Ha 33 anni Britany Castillo, un’attivista transgender arrivata in Italia insieme a una delegazione del Centro America per prendere parte alle manifestazioni previste oggi a Roma in occasione del Transgender day of remembrance, che celebra il ricordo delle vittime uccise in tutto il mondo.

Il progetto, Centroamerica Diversa, è co-finanziato dall’Ue e promosso da Arcigay e Terra Nuova.

El Salvador è un Paese democraticamente instabile, dove l’impunità per gli abusi del governo è la norma e le gang esercitano un controllo territoriale capillare, commettendo estorsioni, abusi e omicidi. Britany è nata nel comune di Guazapa, un’area rurale interna dove, ancor più che nel resto del Paese, si respira un regime profondamente tradizionalista e religioso, in cui il binarismo di genere è un assetto consolidato. «Ho sempre saputo di essere una donna – racconta l’attivista -, ma quello che mi insegnavano in famiglia andava contro quello che sono».

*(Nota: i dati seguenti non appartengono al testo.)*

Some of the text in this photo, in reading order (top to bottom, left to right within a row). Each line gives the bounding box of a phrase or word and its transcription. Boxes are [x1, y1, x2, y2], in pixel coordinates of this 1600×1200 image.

La transizione vera e propria arriva dopo 20 anni di inibizione, trascorsi nel segno di discriminazioni e molestie, causa di un’educazione lacunosa e continue barriere lavorative. Una condizione comune alla maggior parte delle donne trans del Paese, che diventano facile bersaglio del commercio sessuale.

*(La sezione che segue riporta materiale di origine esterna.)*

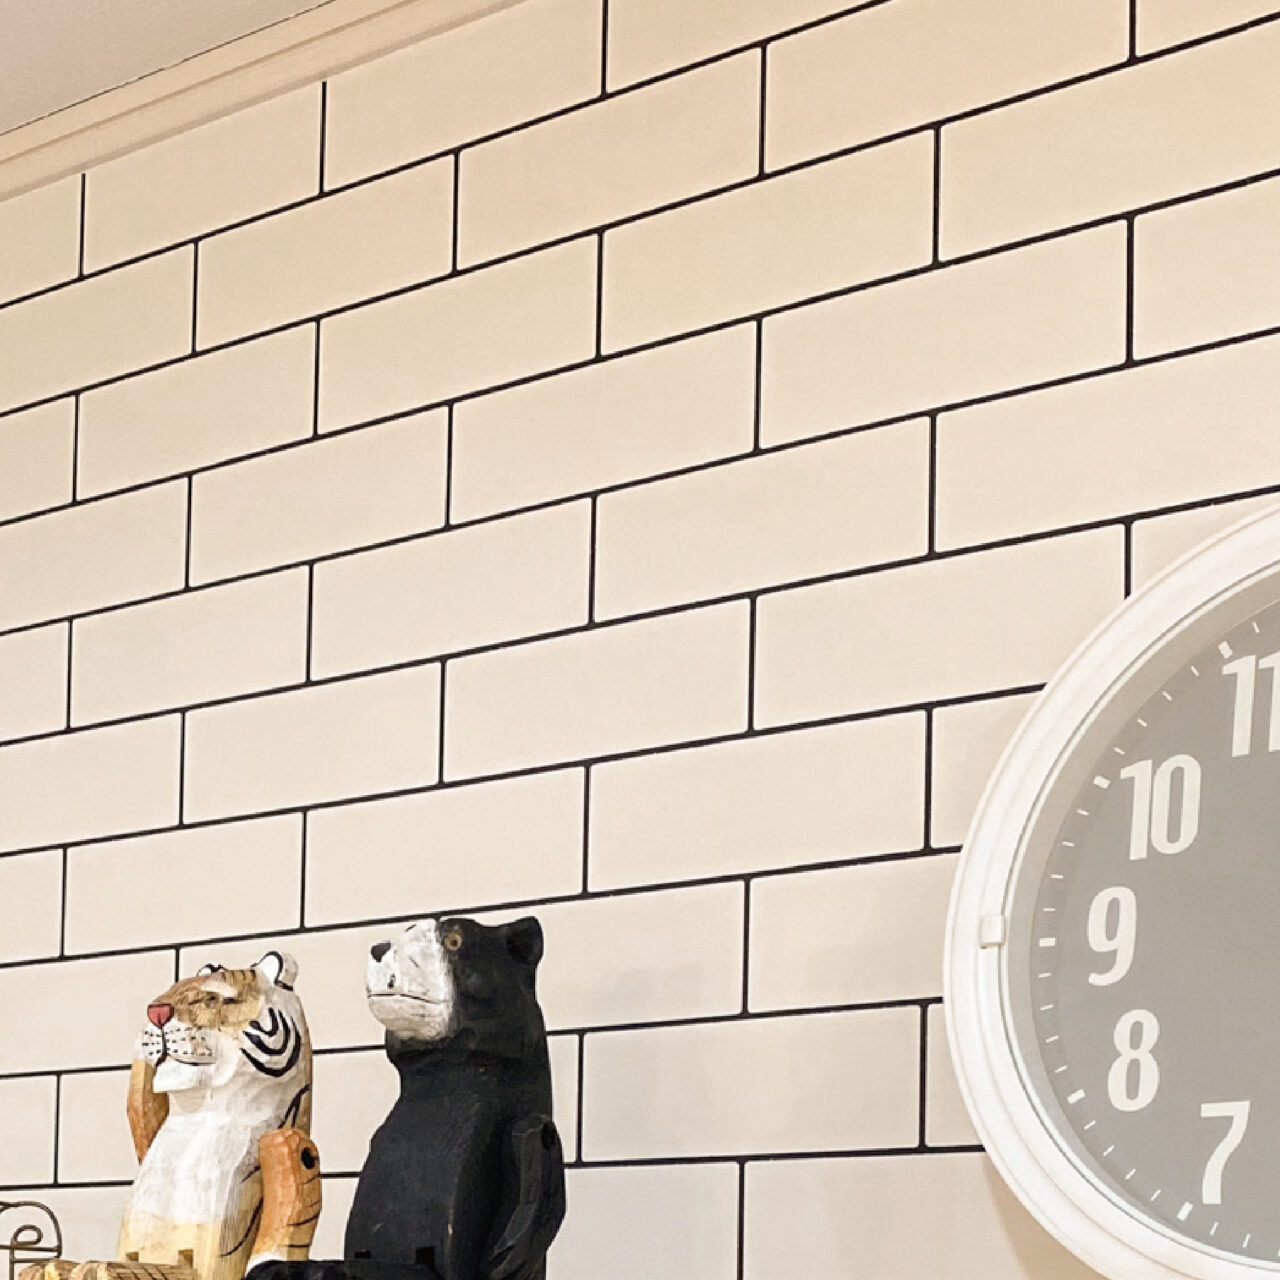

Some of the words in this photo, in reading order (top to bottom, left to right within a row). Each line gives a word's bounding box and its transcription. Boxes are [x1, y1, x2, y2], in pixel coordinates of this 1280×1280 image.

[1120, 754, 1202, 861] 10
[1087, 886, 1137, 986] 9
[1107, 1009, 1160, 1112] 8
[1200, 1100, 1251, 1205] 7

«Spesso sono cacciate da casa già da giovanissime e non possiedono i mezzi per mantenersi, perché hanno difficoltà nell’essere assunte, ricevere prestiti, avviare attività proprie. Entrare in questo circuito di illegalità diventa una scelta obbligata» spiega. In assenza di una legge che regoli il sex working, molte donne trans vengono abbandonate nelle mani delle gang con cui paradossalmente si ritrovano costrette a condividere questo stato di clandestinità.

Lo sfruttamento non è solo sessuale, perché «molte vengono obbligate a trasportare droga o diventano vittime di tratta. Tutte, poi, devono pagare un tributo alla gang del proprio quartiere in cambio di protezione dagli attacchi delle altre bandias».

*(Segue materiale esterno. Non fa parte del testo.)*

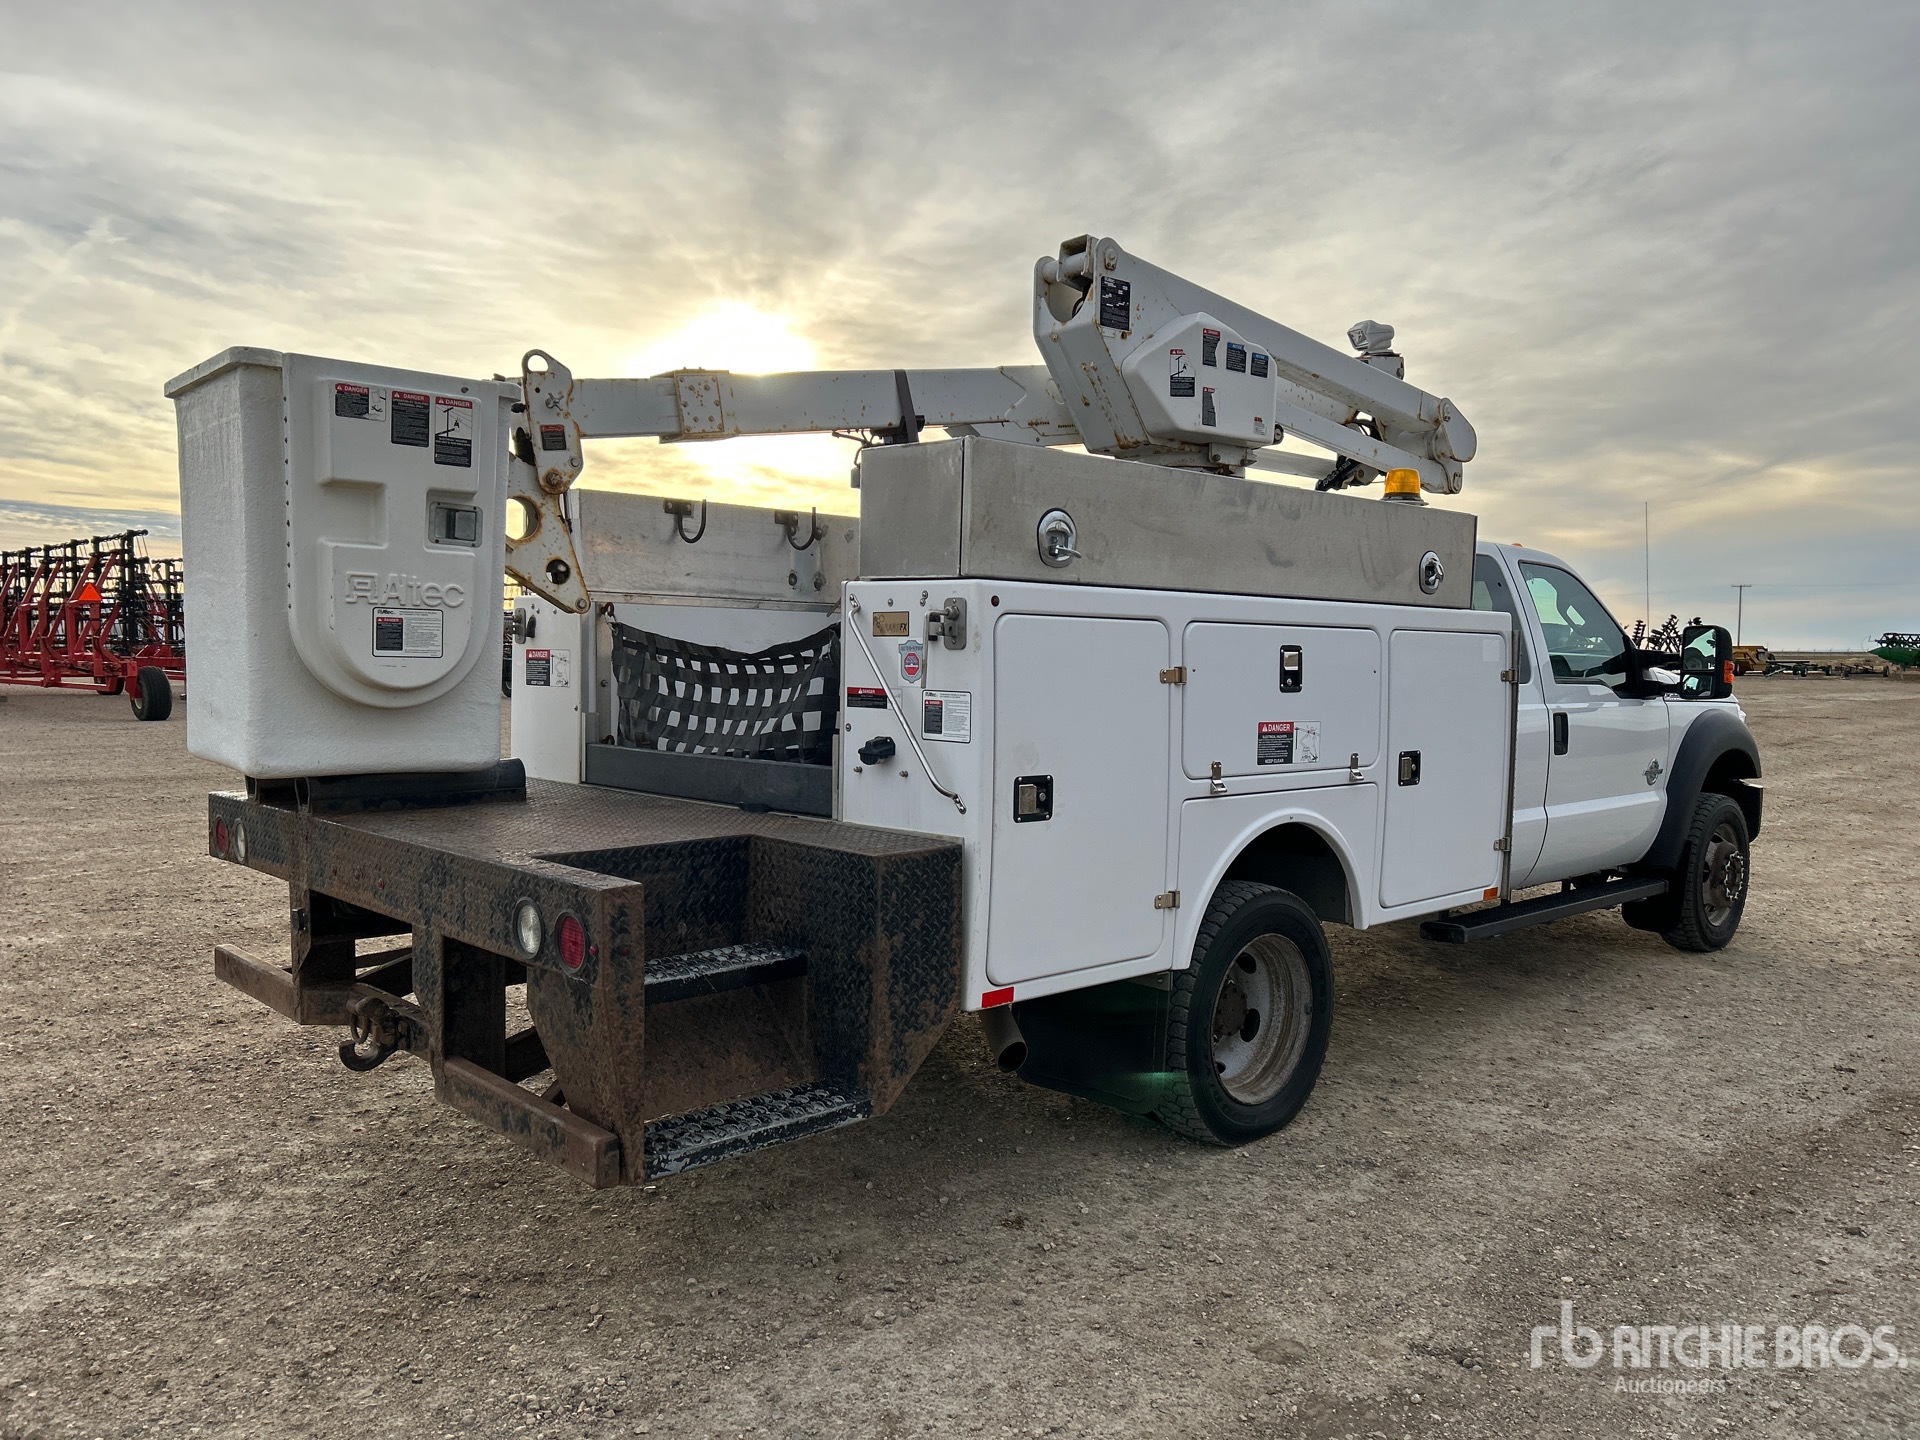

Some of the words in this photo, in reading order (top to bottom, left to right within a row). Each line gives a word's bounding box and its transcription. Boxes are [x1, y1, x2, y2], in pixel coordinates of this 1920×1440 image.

[344, 385, 368, 394] DANGER
[403, 393, 425, 401] DANGER
[445, 399, 470, 407] DANGER
[381, 573, 464, 608] Altec

Se gli unici a proteggerle sono i loro stessi aguzzini, è perché i pericoli maggiori arrivano dalle forze di polizia. In un rapporto del 2017, le autorità hanno riconosciuto le violenze commesse dai funzionari di sicurezza – colpevoli di «torture, trattamenti inumani, uso eccessivo della forza, arresti arbitrari» dice la nota – e hanno segnalato 692 casi di violenza tra il 2015 e il 2019.

«In El Salvador – dice l’attivista – i crimini d’odio non vengono investigati, nonostante una legge del 2015 lo preveda. Lo Stato è in debito nei nostri confronti». Le vittime di omicidio, che portano spesso sui loro corpi i segni di torture, rimangono senza giustizia. La prima condanna per l’uccisione di una persona transgender, Camila Díaz Córdova, si ha solo nel 2020, quando tre agenti di polizia vengono dichiarati colpevoli.

L’incontro tra Britany e Mónica Linares, direttrice dell’associazione Aspidh, per cui Britany lavora oggi come attivista, le ha permesso di accettare ed esprimere la propria identità di genere, ma anche di proteggersi da questo sistema di violenza.

In quegli anni l’organizzazione si occupava di prevenzione contro l’Hiv, largamente diffusa tra le donne trans, che non hanno, però, libertà di accesso alle cure sanitarie. Anche la transizione fisica è un percorso affrontato senza supporto medico professionale.

«Negli anni 2000 – racconta – per ottenere forme femminili ci si iniettava sostanze artificiali altamente dannose. Con il tempo si è passate agli ormoni. È un passaparola: una compagna sperimenta delle cose e, se vanno bene, le consiglia alle altre». Oltre che dal benessere psicologico e fisico, risultare più femminili è un bisogno che nasce anche dalla necessità di sfuggire alle discriminazioni. «Le donne trans sono obbligate a rafforzare il binarismo di genere che vorrebbero decostruire» dice Britany.

La sicurezza delle persone transgender passa anche da documenti d’identità che rispecchino il genere e il nome con cui si identificano. Un riconoscimento che Aspidh e altre 5 organizzazioni dal 2014 chiedono al governo.